_Work to complete:_ A faithful copy of the listing below is needed, with its pictures left out.

_Records to use:_
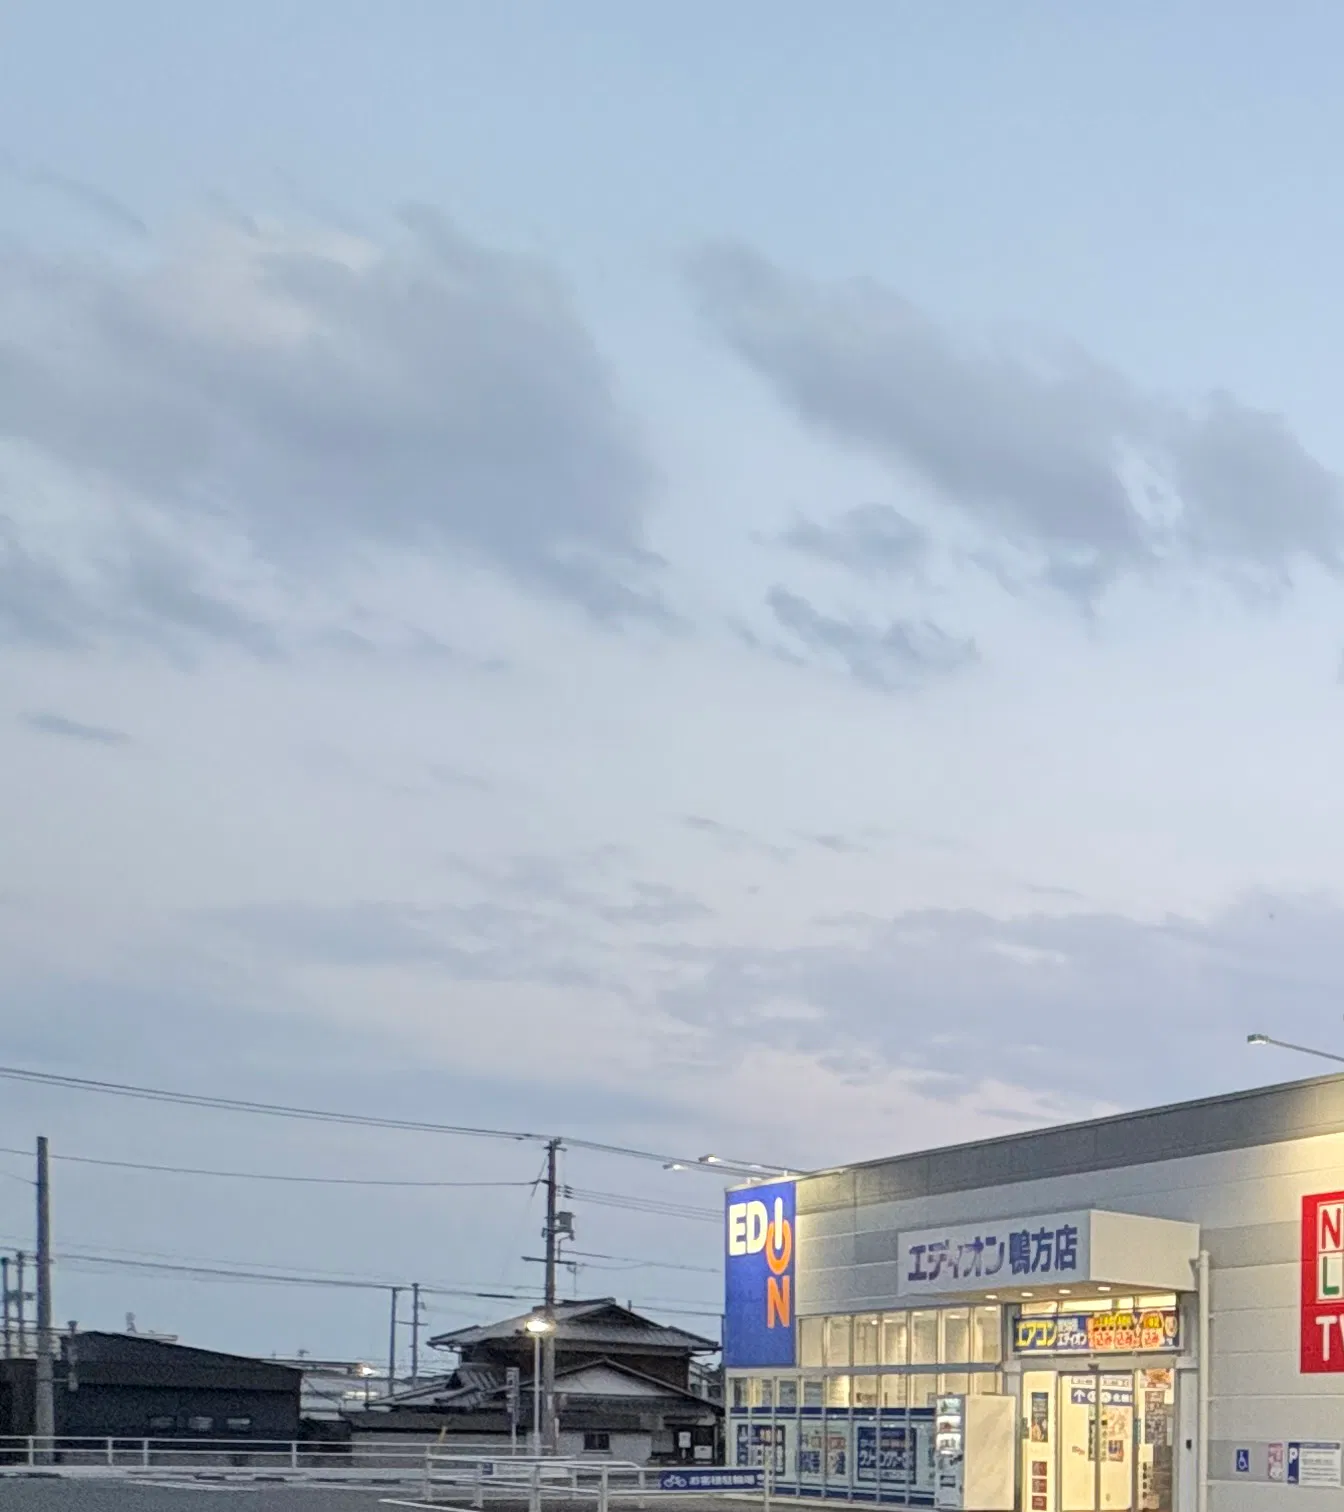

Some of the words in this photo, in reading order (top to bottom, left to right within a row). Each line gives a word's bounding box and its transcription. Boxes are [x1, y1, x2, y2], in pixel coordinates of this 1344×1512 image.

[1016, 1320, 1057, 1347] エアコン
[1288, 1447, 1298, 1464] P
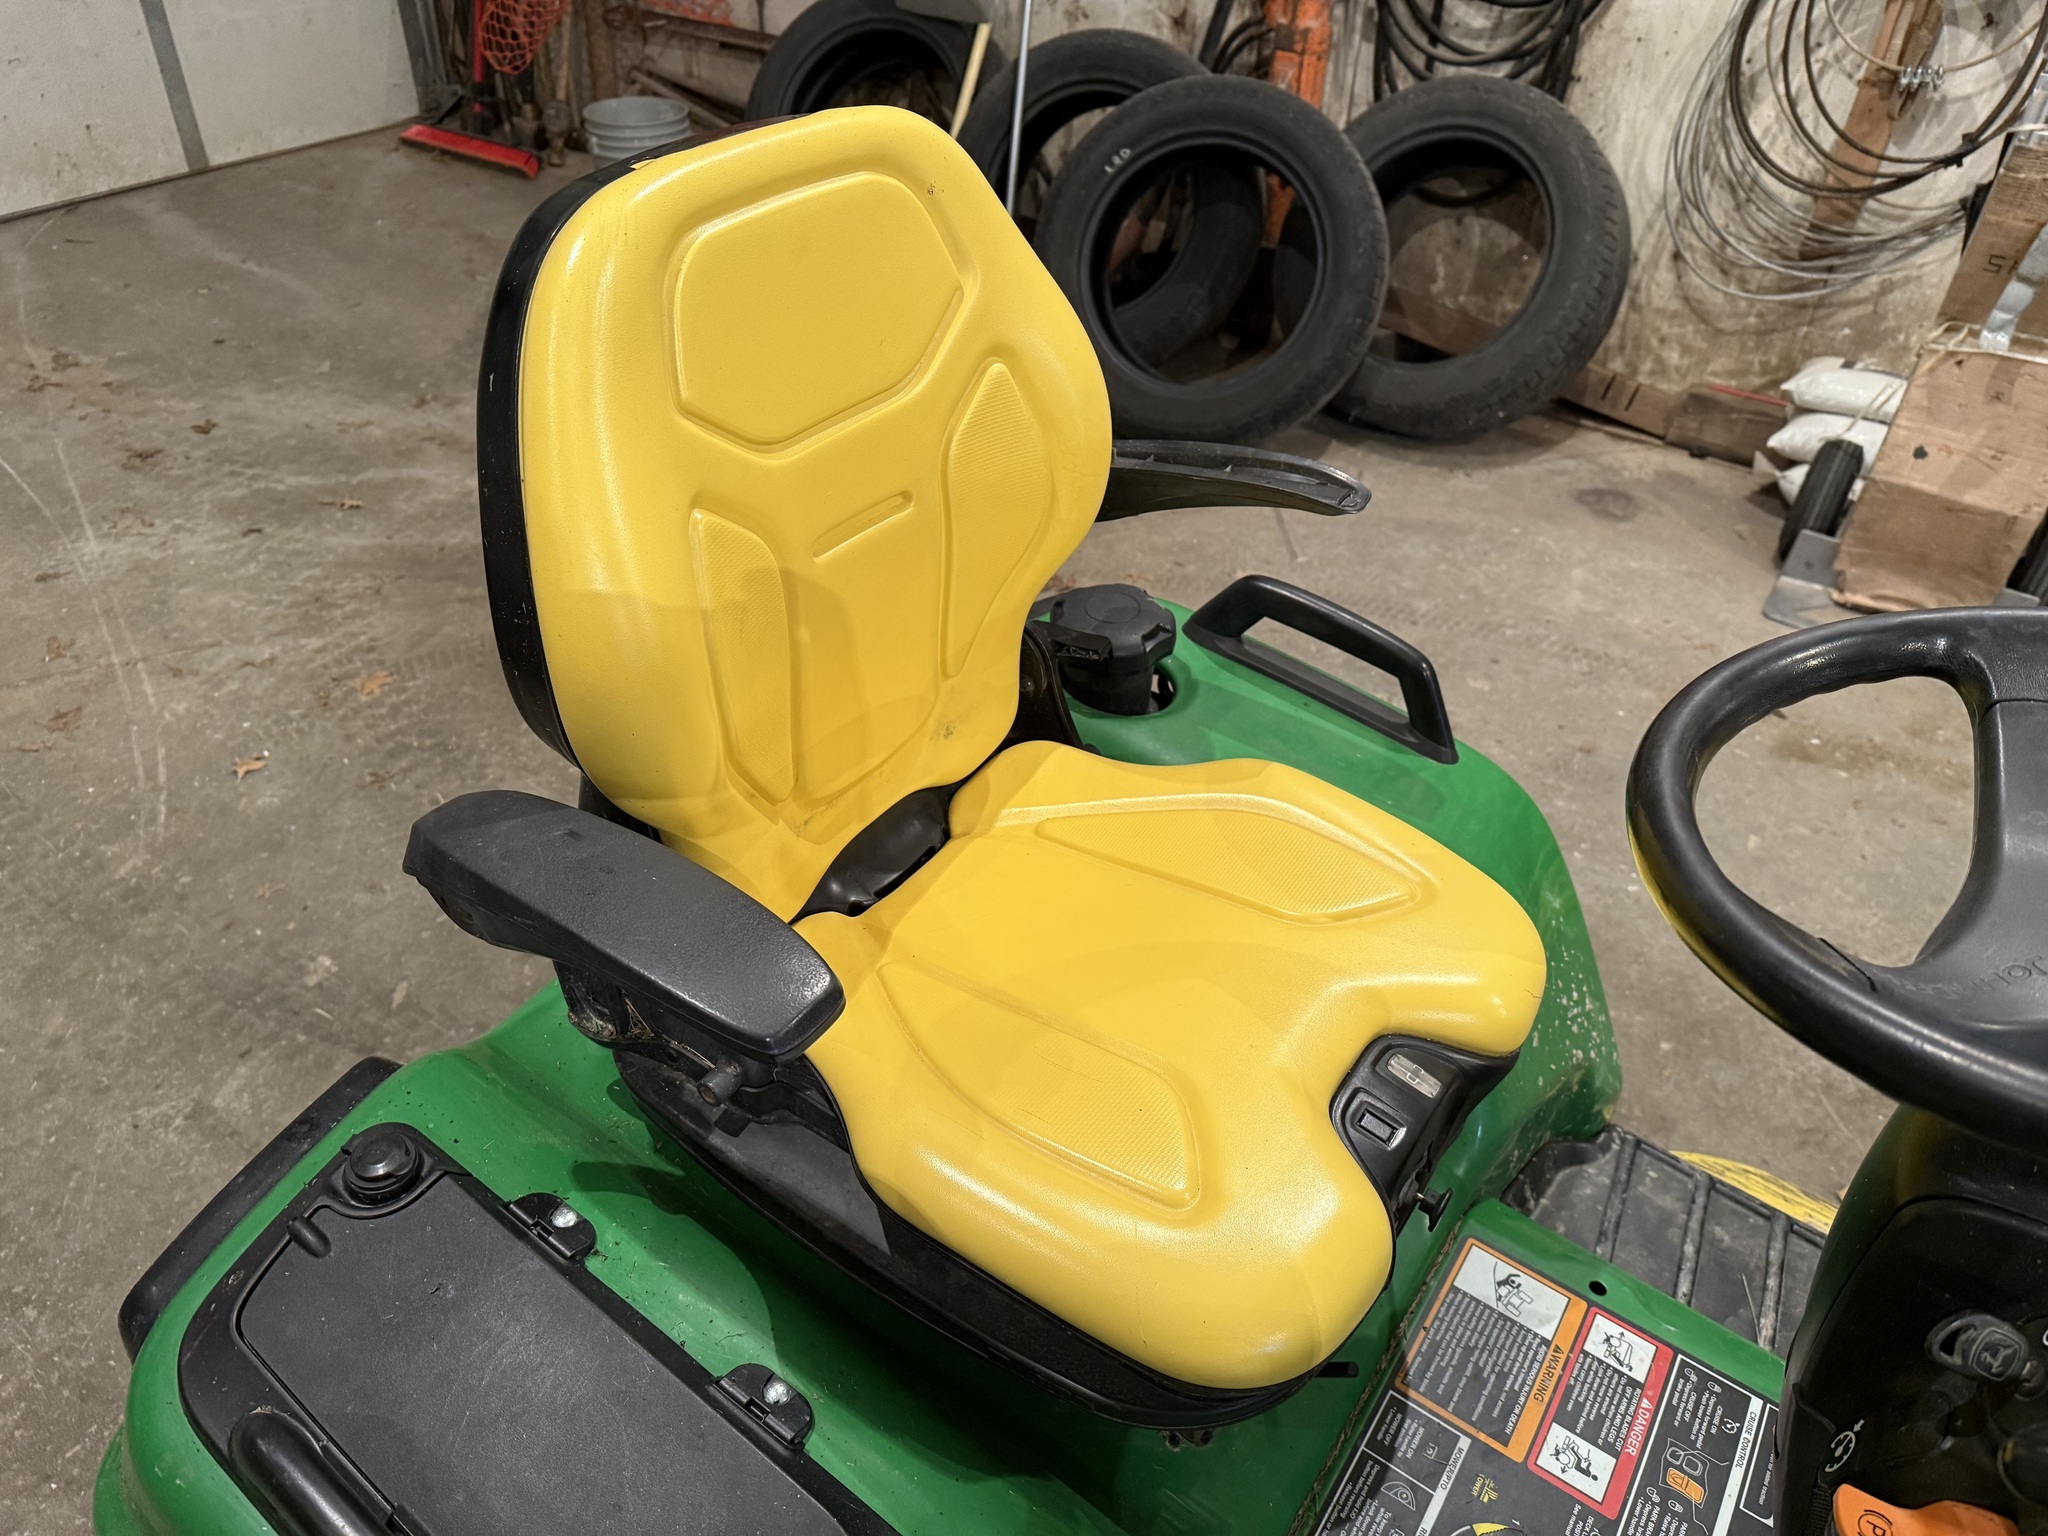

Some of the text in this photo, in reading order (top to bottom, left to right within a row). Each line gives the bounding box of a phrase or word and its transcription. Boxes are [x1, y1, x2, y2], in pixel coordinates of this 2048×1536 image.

[1516, 1351, 1524, 1363] and
[1521, 1349, 1534, 1373] operator's
[1511, 1361, 1520, 1375] down
[1525, 1360, 1540, 1385] SERIOUS
[1513, 1372, 1525, 1391] manual
[1533, 1354, 1561, 1403] WARNING
[1619, 1376, 1627, 1385] Do
[1499, 1391, 1507, 1402] not
[1517, 1384, 1530, 1405] INJURY
[1587, 1390, 1595, 1401] and
[1598, 1384, 1606, 1397] mow
[1612, 1392, 1620, 1406] mow
[1671, 1378, 1685, 1406] brake pedal
[1700, 1391, 1710, 1405] Push
[1491, 1399, 1503, 1418] across
[1512, 1404, 1522, 1415] OR
[1581, 1399, 1592, 1418] behind
[1588, 1401, 1600, 1421] reverse
[1607, 1404, 1616, 1419] when
[1607, 1385, 1633, 1443] OFF ARMS AND LEGS
[1673, 1382, 1693, 1427] Depress forward or
[1683, 1391, 1697, 1423] CRUISE OFF
[1696, 1404, 1705, 1419] lower
[1383, 1412, 1403, 1446] MOWER OFF
[1504, 1413, 1518, 1435] DEATH
[1575, 1416, 1586, 1434] before
[1614, 1387, 1642, 1452] ROTATING BLADES CUT
[1691, 1417, 1701, 1435] button
[1695, 1395, 1717, 1450] Depress forward pedal
[1709, 1405, 1723, 1435] CRUISE ON
[1597, 1437, 1603, 1446] or
[1624, 1408, 1650, 1456] DANGER
[1734, 1411, 1757, 1468] CRUISE CONTROL
[1405, 1426, 1425, 1459] MOWER ON
[1365, 1463, 1381, 1486] Depress
[1440, 1446, 1464, 1490] MOWER/PTO
[1763, 1470, 1771, 1487] added
[1360, 1484, 1369, 1497] and
[1758, 1485, 1768, 1505] traction
[1354, 1515, 1363, 1528] and
[1360, 1501, 1378, 1532] Look down
[1374, 1507, 1385, 1523] while
[1383, 1511, 1392, 1519] To
[1564, 1503, 1582, 1536] See manual
[1626, 1498, 1645, 1536] Lower handle
[1639, 1503, 1652, 1527] Depress
[1649, 1504, 1661, 1523] PARK
[1660, 1514, 1672, 1532] Raise
[1326, 1521, 1332, 1530] or
[1376, 1518, 1388, 1534] keep
[1583, 1515, 1594, 1533] DECK

_Your response:_
Some of the words in this photo, in reading order (top to bottom, left to right within a row). Each line gives a word's bounding box and its transcription. Boxes are [x1, y1, x2, y2], in pixel coordinates of this 1344×1512 image.

[1016, 1320, 1057, 1347] エアコン
[1288, 1447, 1298, 1464] P

Some of the text in this photo, in reading order (top to bottom, left to right within a row). Each line gives the bounding box of a phrase or word and its transcription. Boxes are [x1, y1, x2, y2], in pixel coordinates of this 2048×1536 image.

[1516, 1351, 1524, 1363] and
[1521, 1349, 1534, 1373] operator's
[1511, 1361, 1520, 1375] down
[1525, 1360, 1540, 1385] SERIOUS
[1513, 1372, 1525, 1391] manual
[1533, 1354, 1561, 1403] WARNING
[1619, 1376, 1627, 1385] Do
[1499, 1391, 1507, 1402] not
[1517, 1384, 1530, 1405] INJURY
[1587, 1390, 1595, 1401] and
[1598, 1384, 1606, 1397] mow
[1612, 1392, 1620, 1406] mow
[1671, 1378, 1685, 1406] brake pedal
[1700, 1391, 1710, 1405] Push
[1491, 1399, 1503, 1418] across
[1512, 1404, 1522, 1415] OR
[1581, 1399, 1592, 1418] behind
[1588, 1401, 1600, 1421] reverse
[1607, 1404, 1616, 1419] when
[1607, 1385, 1633, 1443] OFF ARMS AND LEGS
[1673, 1382, 1693, 1427] Depress forward or
[1683, 1391, 1697, 1423] CRUISE OFF
[1696, 1404, 1705, 1419] lower
[1383, 1412, 1403, 1446] MOWER OFF
[1504, 1413, 1518, 1435] DEATH
[1575, 1416, 1586, 1434] before
[1614, 1387, 1642, 1452] ROTATING BLADES CUT
[1691, 1417, 1701, 1435] button
[1695, 1395, 1717, 1450] Depress forward pedal
[1709, 1405, 1723, 1435] CRUISE ON
[1597, 1437, 1603, 1446] or
[1624, 1408, 1650, 1456] DANGER
[1734, 1411, 1757, 1468] CRUISE CONTROL
[1405, 1426, 1425, 1459] MOWER ON
[1365, 1463, 1381, 1486] Depress
[1440, 1446, 1464, 1490] MOWER/PTO
[1763, 1470, 1771, 1487] added
[1360, 1484, 1369, 1497] and
[1758, 1485, 1768, 1505] traction
[1354, 1515, 1363, 1528] and
[1360, 1501, 1378, 1532] Look down
[1374, 1507, 1385, 1523] while
[1383, 1511, 1392, 1519] To
[1564, 1503, 1582, 1536] See manual
[1626, 1498, 1645, 1536] Lower handle
[1639, 1503, 1652, 1527] Depress
[1649, 1504, 1661, 1523] PARK
[1660, 1514, 1672, 1532] Raise
[1326, 1521, 1332, 1530] or
[1376, 1518, 1388, 1534] keep
[1583, 1515, 1594, 1533] DECK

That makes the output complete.